7. Don’t blind yourself to sleep
Let’s be honest, we can’t convince you to stop using your phone at night. You already know that harsh blue light messes with your sleep patterns and harms the quality of sleep overall by suppressing melatonin secretion. That’s why thoughtful app developers keep introducing the night mode that automatically turns on after the sun sets. Apple went even further with the Night Shift option that colors your screen a yellow shade that becomes almost unnoticeable as soon as you get used to it.
The thing is… the blue light is not that bad for you. And avoiding it completely is not a good idea either. Bright light increases concentration and information perception abilities, especially when you need that extra boost in the evening. It’s also successfully used to treat a seasonal affective disorder (SAD) that’s tied to the lack of light during the winter. Besides, our inability to fall asleep fast isn’t always linked to bright screens. Before smartphones, kids were advised to read some calming bedtime stories but not exciting adventures. So, even if you put a yellow filter over your racing game, it won’t necessarily help you get those perfect 8 hours of sleep.
8. Work your way up
They say sitting is the new smoking. We spend a lot of time sitting - working, driving, watching TV, dining, socializing. Maintaining a healthy lifestyle today is expected but no less challenging. Even if you get those active juices flowing in a gym a few times a week, you may still spend hours sitting at your desk. And, no amount of cardio on weekends can compensate for that. When doctors sounded the alarm about the sedentary lifestyle, the standing desks arrived.
As the trend for only-stand desks has ceased (nobody said that people could endure several hours of leg strain), office workers started investing in adjustable options that allow you to change positions without interrupting your work. Sounds like a great solution. And it is - if you consider all drawbacks.
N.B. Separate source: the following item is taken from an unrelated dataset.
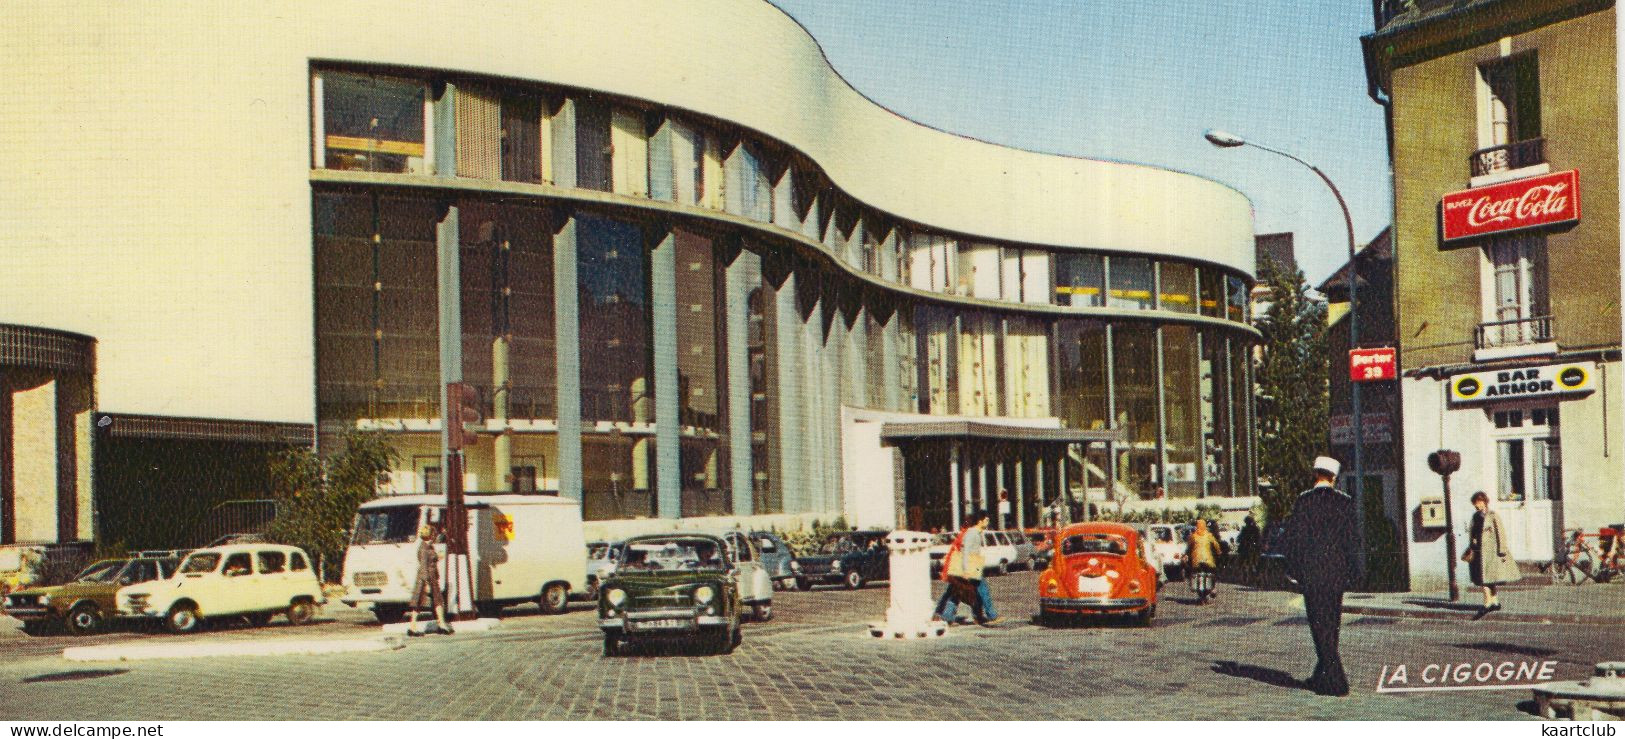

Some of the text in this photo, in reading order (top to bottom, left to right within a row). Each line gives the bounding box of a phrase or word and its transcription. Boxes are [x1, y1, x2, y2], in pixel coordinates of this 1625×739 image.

[1468, 182, 1568, 227] Coca-Cola
[1497, 369, 1540, 383] BAR
[1486, 380, 1554, 397] ARMOR
First, using laptops while standing is next to impossible. Unless you have a second screen or a keyboard to keep your eyes and hands on different levels, you simply can’t work on a laptop while standing. Second, the price. Health investments are smart investments, but there are cheaper ways to keep yourself active through work. Such as setting reminders to stand up once an hour or organizing short exercise breaks for all coworkers. And third, the rise in productivity is questionable as it hasn’t yet been proven or properly researched. Besides, being the only one overlooking the working space may be uncomfortable at least and distracting at most. So, perhaps, start changing your sitting habits a little less dramatically.
9. Enjoy your tech without a hassle
The reason why New Year’s resolutions and New Life Mondays fail is that we make way more commitments than we can humanly manage. According to the theory of limited willpower, it takes a lot of mental energy to resist an urge or start a new routine. Meaning that the more behavior change you're trying to accomplish, the less power you’ll be left with at the end of the day. If you started your week by going for a run, eating a healthy breakfast, reading an educational book, and finishing half of your work by noon, you may get that energy flowing on the first day. But you will get pretty exhausted by the end of the week, eventually skipping steps in your new routine.
The same goes for your healthier attitude toward tech. It’s about adjusting your life slowly and surely, establishing your own rules, and avoiding austere restrictions that guarantee failure. Technology is not our enemy after all, so be mindful, sensible, and draw your own informed conclusions.